*Stored data entries*.
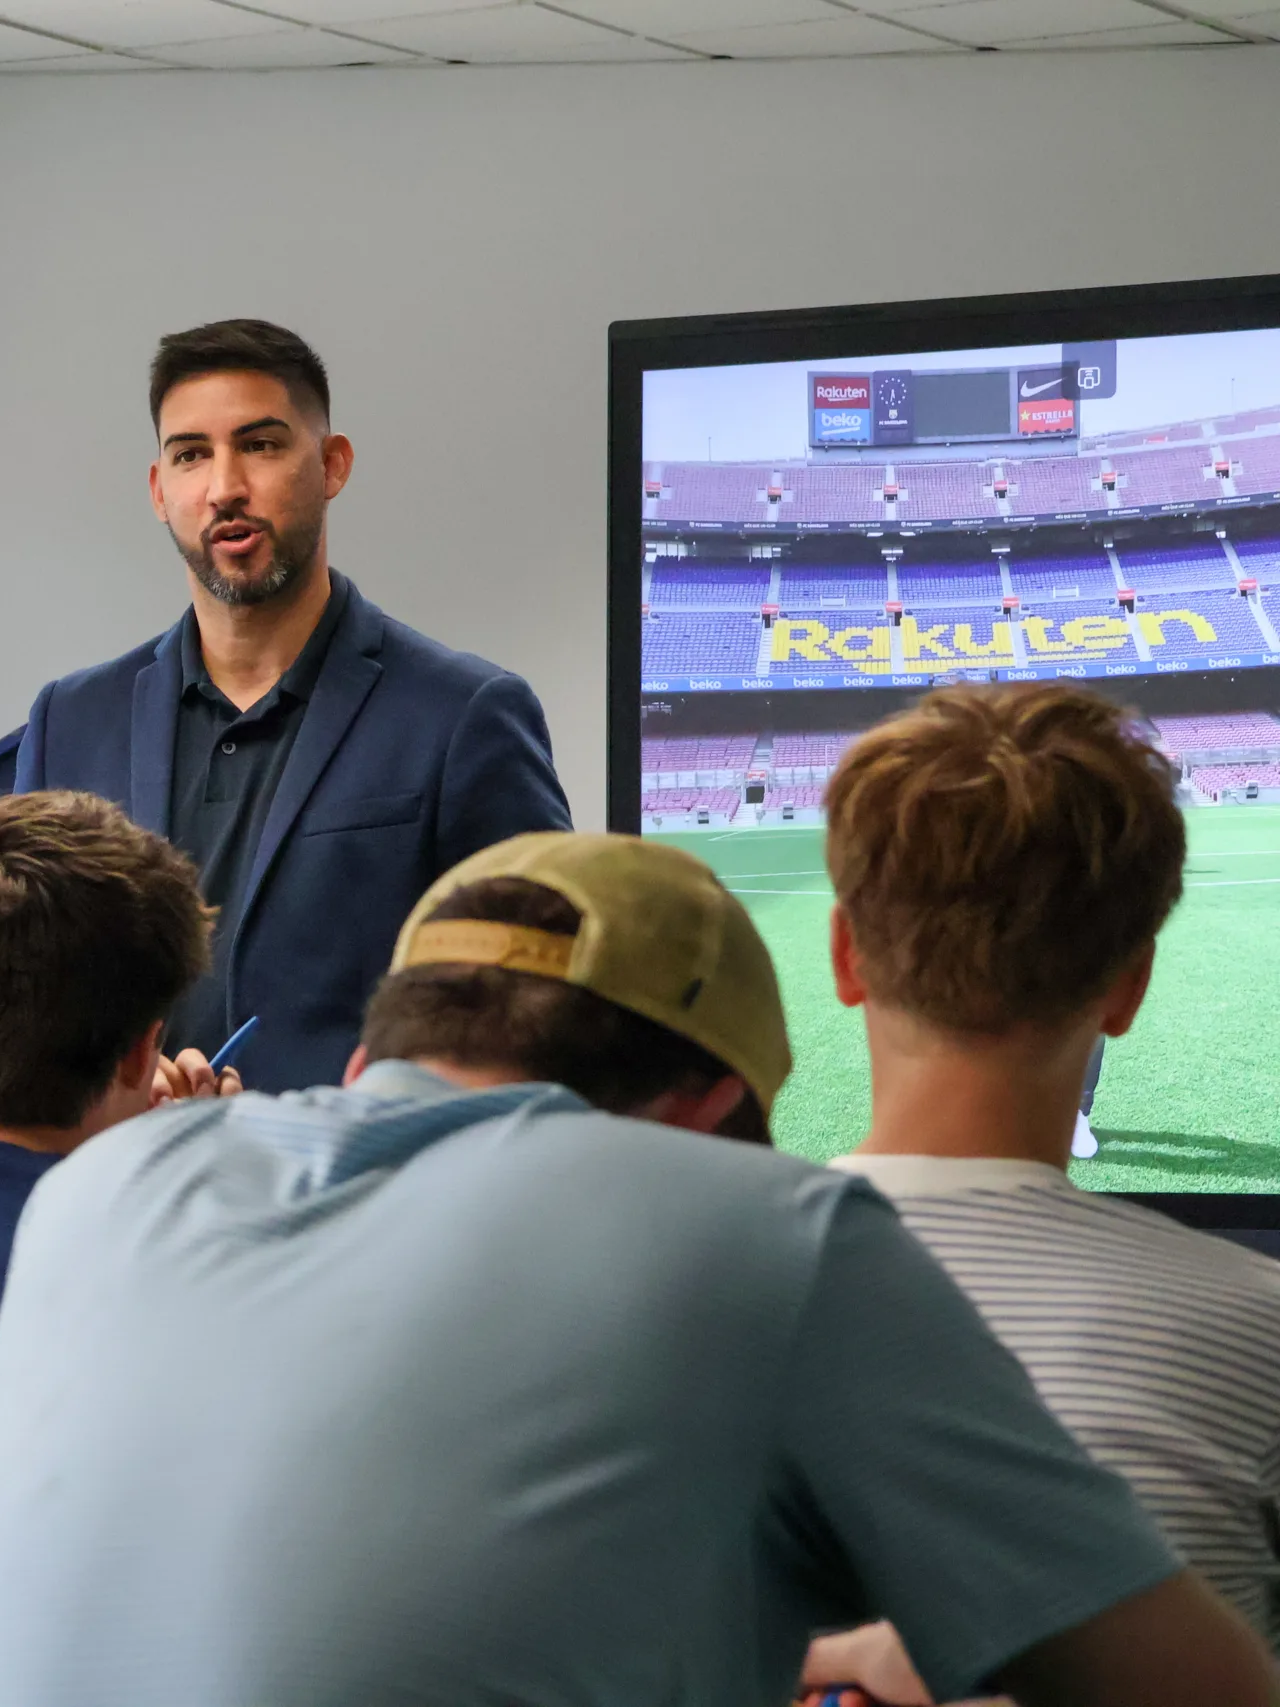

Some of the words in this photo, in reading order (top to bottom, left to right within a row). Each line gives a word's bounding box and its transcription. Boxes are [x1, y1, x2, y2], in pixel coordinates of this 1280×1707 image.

[816, 386, 867, 398] Rakuten
[821, 412, 861, 427] beko
[772, 610, 1217, 661] Rakuten
[1208, 657, 1241, 668] beko
[1262, 654, 1280, 664] be
[1056, 666, 1086, 677] beko
[1105, 664, 1136, 675] beko
[1156, 661, 1188, 672] beko
[891, 675, 922, 686] beko
[1007, 670, 1037, 680] beko
[689, 680, 722, 690] beko
[741, 678, 773, 688] beko
[793, 677, 824, 687] beko
[843, 676, 874, 686] beko

*What to do*.
Give back every entry verbatim. No pictures belong in the copy.

*Exercise answer*.
Some of the words in this photo, in reading order (top to bottom, left to right within a row). Each line gives a word's bounding box and its transcription. Boxes are [x1, y1, x2, y2], in pixel coordinates of this 1280×1707 image.

[816, 386, 867, 398] Rakuten
[821, 412, 861, 427] beko
[772, 610, 1217, 661] Rakuten
[1208, 657, 1241, 668] beko
[1262, 654, 1280, 664] be
[1056, 666, 1086, 677] beko
[1105, 664, 1136, 675] beko
[1156, 661, 1188, 672] beko
[891, 675, 922, 686] beko
[1007, 670, 1037, 680] beko
[689, 680, 722, 690] beko
[741, 678, 773, 688] beko
[793, 677, 824, 687] beko
[843, 676, 874, 686] beko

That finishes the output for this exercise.